3780 words, short story
Our Fate, Told in Photons
We were seventy-seven when the Pleiades burned out. As the seventh daughters of a seventh daughter, it seemed almost poetic that this was what Fate had in store for us.
Yes, I said daughters. Plural. Casto came first, but she wasn’t breathing. I came second, and I was shrieking—gulping air like a parched man fresh from the desert. My tiny fist clutched her left leg, as if to insist: where she goes, I go. But she, the devilish little thing, she waited until all eyes were on her, until I was cold and alone in my cradle on the far side of the room, before she took her first breath.
If you believed in luck, you might have said we were fortunate. After all, it was only good timing that allowed us both to survive. Had we come along at any other era, in any other place, our family would have buried Casto and found some way to be content with me—stocky, hairy, flat-faced, flat-chested me. Instead, they got both of us to carry on their legacy, which meant they got Casto.

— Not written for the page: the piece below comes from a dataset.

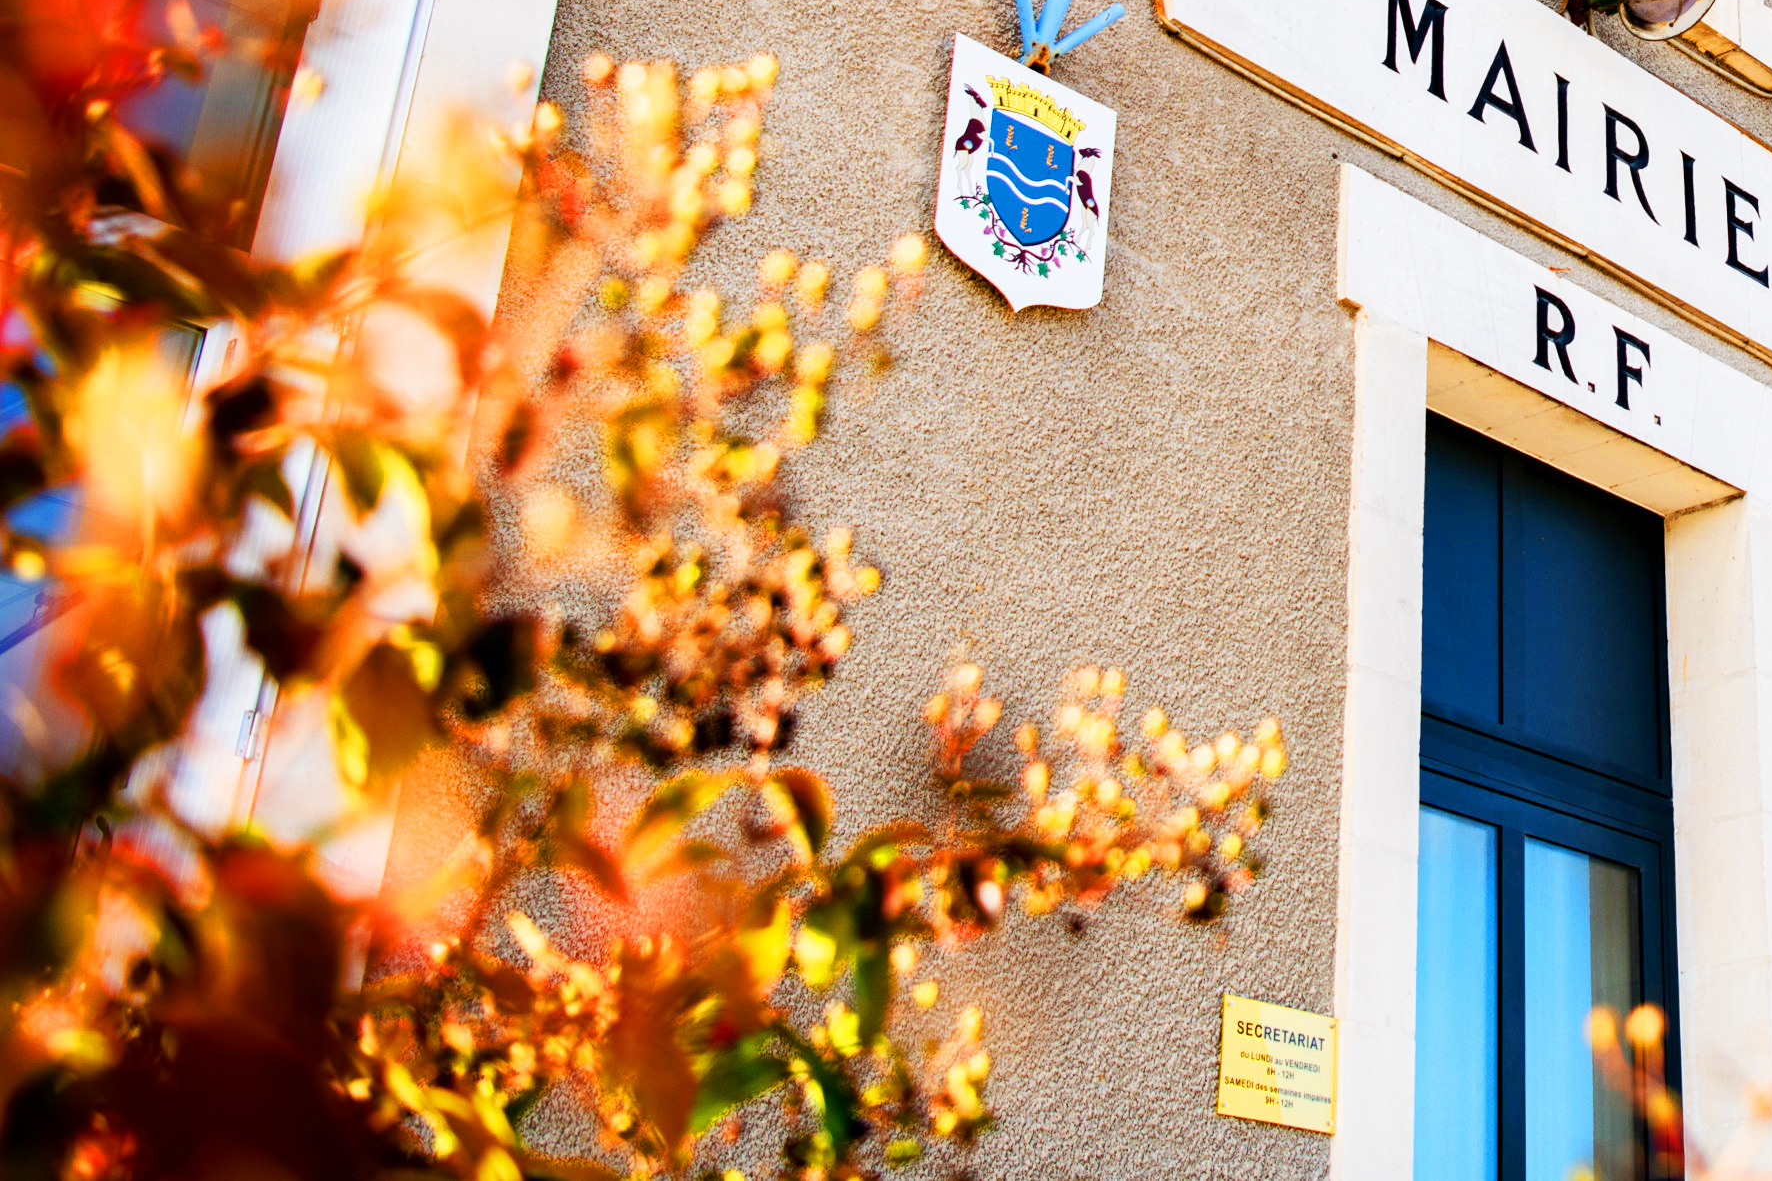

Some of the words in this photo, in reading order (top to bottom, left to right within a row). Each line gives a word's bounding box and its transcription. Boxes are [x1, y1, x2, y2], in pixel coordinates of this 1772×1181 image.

Every family has a legend, a story they share to liven up parties and impress the in-laws. The story, in the Pantazis family’s case, was a prophecy passed down from antiquity: one day, a seventh daughter would have a seventh daughter of her own, and that little girl would grow up to be the woman who watched the stars die twice. The original meaning of this prediction, if it had ever been clear, was lost to time. The prevailing theory, though, was that the seventh daughter of a seventh daughter would be immortal.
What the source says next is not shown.